◆ About this task:
Each record that follows should be repeated exactly, minus any images.

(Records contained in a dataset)

----

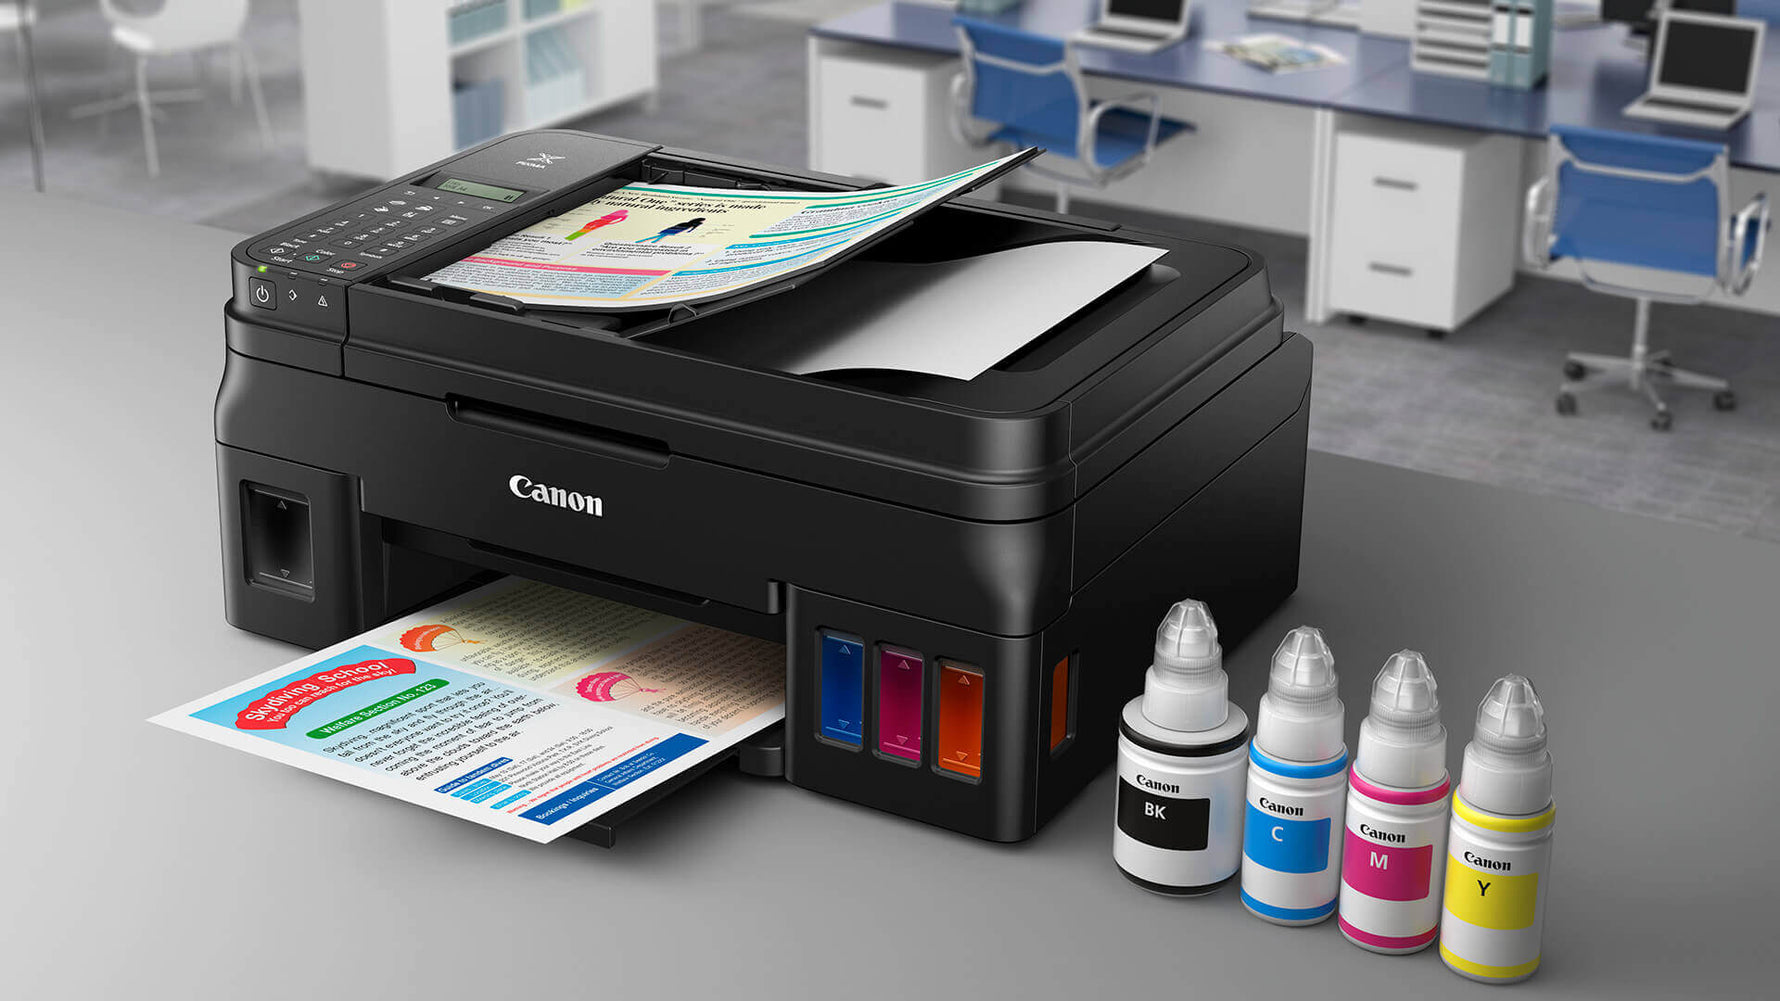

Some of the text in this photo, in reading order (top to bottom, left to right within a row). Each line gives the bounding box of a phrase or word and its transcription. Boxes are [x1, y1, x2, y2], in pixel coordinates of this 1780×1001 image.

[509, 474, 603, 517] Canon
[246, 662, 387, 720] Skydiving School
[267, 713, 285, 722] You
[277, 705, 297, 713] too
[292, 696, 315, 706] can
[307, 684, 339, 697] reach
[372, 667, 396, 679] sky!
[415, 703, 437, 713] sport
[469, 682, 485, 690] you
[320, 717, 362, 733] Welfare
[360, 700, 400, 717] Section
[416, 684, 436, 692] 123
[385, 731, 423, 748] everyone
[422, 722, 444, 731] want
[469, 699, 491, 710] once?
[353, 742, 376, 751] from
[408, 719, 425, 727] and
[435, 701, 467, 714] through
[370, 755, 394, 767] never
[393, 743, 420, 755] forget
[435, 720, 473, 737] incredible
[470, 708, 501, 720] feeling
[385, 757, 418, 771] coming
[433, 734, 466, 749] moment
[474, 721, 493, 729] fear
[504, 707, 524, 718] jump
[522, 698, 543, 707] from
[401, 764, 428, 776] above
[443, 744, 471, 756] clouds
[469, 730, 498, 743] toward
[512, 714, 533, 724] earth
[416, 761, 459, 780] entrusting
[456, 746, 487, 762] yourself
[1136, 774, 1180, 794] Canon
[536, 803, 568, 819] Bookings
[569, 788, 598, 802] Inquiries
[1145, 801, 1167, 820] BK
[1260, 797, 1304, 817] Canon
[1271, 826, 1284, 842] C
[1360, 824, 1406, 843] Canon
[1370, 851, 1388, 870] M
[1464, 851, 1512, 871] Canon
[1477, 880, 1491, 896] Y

----

◆ Exercise answer:
Some of the text in this photo, in reading order (top to bottom, left to right within a row). Each line gives the bounding box of a phrase or word and its transcription. Boxes are [x1, y1, x2, y2], in pixel coordinates of this 1780×1001 image.

[509, 474, 603, 517] Canon
[246, 662, 387, 720] Skydiving School
[267, 713, 285, 722] You
[277, 705, 297, 713] too
[292, 696, 315, 706] can
[307, 684, 339, 697] reach
[372, 667, 396, 679] sky!
[415, 703, 437, 713] sport
[469, 682, 485, 690] you
[320, 717, 362, 733] Welfare
[360, 700, 400, 717] Section
[416, 684, 436, 692] 123
[385, 731, 423, 748] everyone
[422, 722, 444, 731] want
[469, 699, 491, 710] once?
[353, 742, 376, 751] from
[408, 719, 425, 727] and
[435, 701, 467, 714] through
[370, 755, 394, 767] never
[393, 743, 420, 755] forget
[435, 720, 473, 737] incredible
[470, 708, 501, 720] feeling
[385, 757, 418, 771] coming
[433, 734, 466, 749] moment
[474, 721, 493, 729] fear
[504, 707, 524, 718] jump
[522, 698, 543, 707] from
[401, 764, 428, 776] above
[443, 744, 471, 756] clouds
[469, 730, 498, 743] toward
[512, 714, 533, 724] earth
[416, 761, 459, 780] entrusting
[456, 746, 487, 762] yourself
[1136, 774, 1180, 794] Canon
[536, 803, 568, 819] Bookings
[569, 788, 598, 802] Inquiries
[1145, 801, 1167, 820] BK
[1260, 797, 1304, 817] Canon
[1271, 826, 1284, 842] C
[1360, 824, 1406, 843] Canon
[1370, 851, 1388, 870] M
[1464, 851, 1512, 871] Canon
[1477, 880, 1491, 896] Y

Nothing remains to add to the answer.